When politics trumped faith
As a child, I was taught that the most important characteristic about a political candidate was their faith: as a Christian nation, we needed Christian leaders, preferably born again and evangelical. Learning to swim in waters so thick with political convictions and action, it felt at times as though the world around me inhaled religion and exhaled politics, and somewhere inside us one became the other.
The political world changed over time, and so did my faith. Once I learned that I could fail and God would still love me, I started to understand grace and fell in love with being a part of the Methodist movement that places grace at the center. Once I released the list of “Don’ts” that I clung to as a life-preserver in a terrifying sea of sin, I found solid footing on all the “Do’s” of a loving God. I began to walk forward. I found passages in John and 1 Corinthians and Isaiah that became old companions on the journey; my oldest and my dearest friends, always faithful, always present.
The years passed and I journeyed far and wide seeking to be a good Methodist, to “Do all the good you can. By all the means you can. In all the ways you can. In all the places you can. At all the times you can. To all the people you can. As long as ever you can.”
I messed up plenty — as often as everyday and as recently as this morning — but I put my heart and soul into it. I tried so hard. Every day.

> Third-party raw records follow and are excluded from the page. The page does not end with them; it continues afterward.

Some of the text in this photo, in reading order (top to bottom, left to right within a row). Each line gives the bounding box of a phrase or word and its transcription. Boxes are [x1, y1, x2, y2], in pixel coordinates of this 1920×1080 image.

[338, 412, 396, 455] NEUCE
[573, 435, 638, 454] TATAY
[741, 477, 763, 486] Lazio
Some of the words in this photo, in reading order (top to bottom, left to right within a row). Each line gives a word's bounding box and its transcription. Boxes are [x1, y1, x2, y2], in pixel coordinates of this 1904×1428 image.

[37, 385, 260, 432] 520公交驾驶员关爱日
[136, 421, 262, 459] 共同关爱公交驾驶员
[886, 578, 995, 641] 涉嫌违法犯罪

I tried to live with faithful discipline, love with liberal generosity, and learn with determined optimism. With time, I learned that faith was not about what I did or did not do, it was about the fact that God loved me and that love required a response.

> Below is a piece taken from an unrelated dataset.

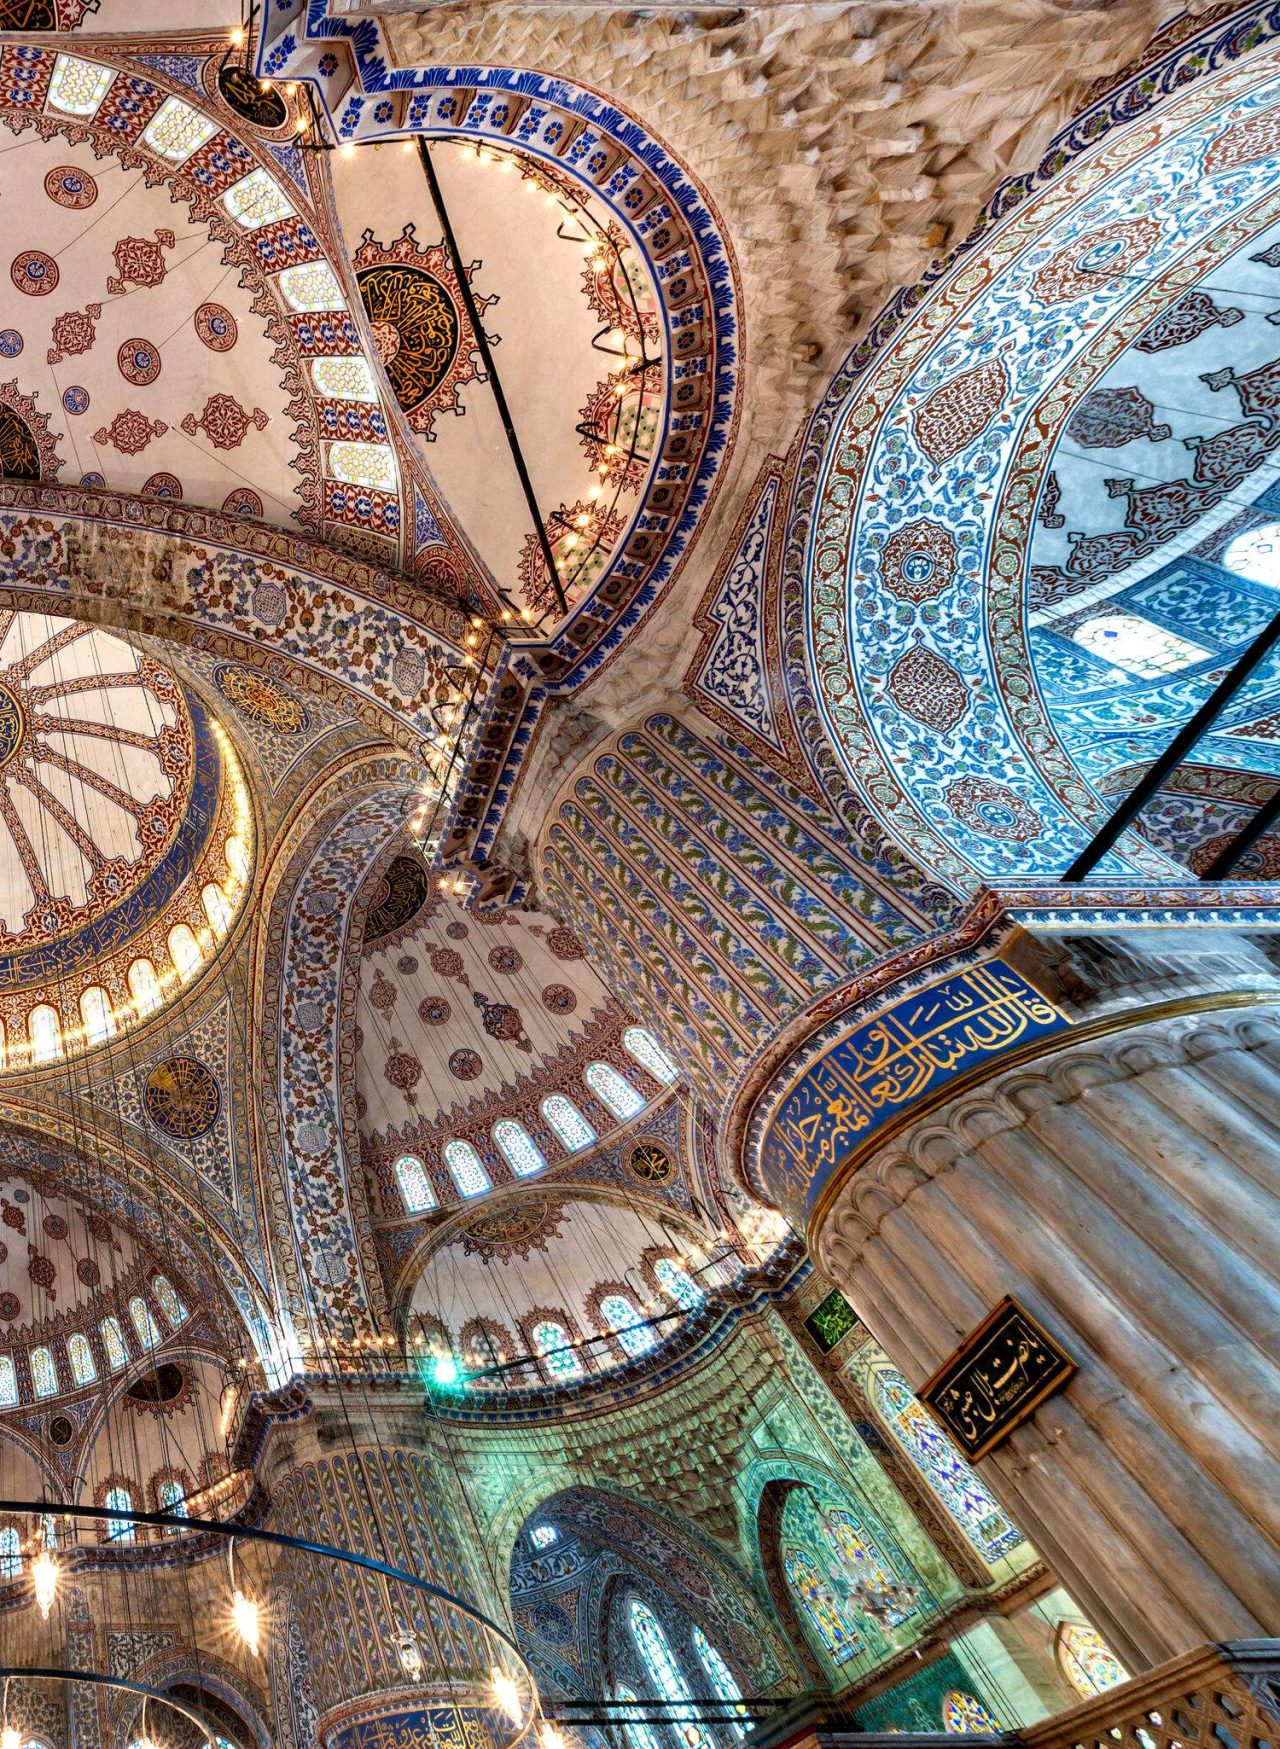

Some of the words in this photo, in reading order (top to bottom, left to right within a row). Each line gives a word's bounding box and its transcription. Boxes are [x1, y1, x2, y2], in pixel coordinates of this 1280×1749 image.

[992, 1338, 1031, 1389] حضرت
[1017, 1326, 1046, 1365] يا
[970, 1368, 1002, 1422] بلال

One of the biggest changes I had to make was the choice to accept my calling to preach after being raised in a church that taught that women were not to be clergy. I wrestled so hard with it; the struggle most intense between the age of 20 and 25, when one of my deepest points of identity fought for it’s very survival against the erroneous teachings of my youth that tried to tell my calling that it deserved to die; that it was heresy; that I was heretic.
My calling won, and I proceeded forward as United Methodist clergy, fully ordained, fully credentialed, fully amazed by what God had done with a little girl who had never imagined she’d live in a world that wanted to hear her voice.
As my faith grew, it brought me to acquire a set of my own deep convictions: some the same I had been raised with, some different, and some quite the opposite. I came to understand how Christianity had been co-opted and used to justify the expansion of Empire after Empire; how the same Empire that had issued Jesus’s death warrant, would be the first one to recognize the power of misusing his name.
I decided that my faith could inform my politics, but that for the sake of my faith, it was too dangerous to mix them together in the same bowl and end up losing track of which was which.
My faith changed, and so did the political world around me. When I crossed paths again with the Republican Party of my youth, I saw a stranger before me and I felt betrayed. I may not have found myself in sync with the Republican Party, but I expected that when we came across one another he would at least look familiar and we could be civil with one another. He had, after all, sat at my dinner table every evening growing up. I may have taken a different path in life, but I felt unreasonably aggravated that the old path did not feel familiar.
When I bumped into the Republican Party, he told me that Barack Obama, a member of the United Church of Christ, was a Muslim; and that Mitt Romney, a member of the Mormon religion, was closer to the evangelical Christian ideal. I was so confused; I felt like the whole world had been turned upside down. I had been okay with all the changes that had taken place within me, but I felt betrayed by the changes that had taken place within the world I left behind. I no longer recognized the Republican Party when he told me that Donald Trump was a Christian man; although there was a flicker of familiarity when he claimed that Hillary Clinton was not a Christian, that was an old song he had sung all throughout my youth.
Yet, when Hillary spoke, I could not deny I heard the echoes of her Methodist upbringing in her words; I heard that earnest determination, that Wesleyan intensity, that I shared with other Methodist women like Jarena Lee, Harper Lee, and Sandra Bland.
On Trump’s tongue, I heard poison. A poison that threatened to destroy everything I am and everything I love. Fear. Hate. Mockery. Sexism. Racism. Xenophobia. Power. Greed.
I wondered how could the political realm I had grown up in have changed so much? Then again, maybe it never changed; perhaps we are only just becoming aware of the repercussions. While we were inhaling religion and exhaling politics, did we never realize that the direction of the wind might change? Did we never realize that we might choke on our own exhaust?
Maybe it was politics that trumped faith all along. We just failed to see it clearly until now.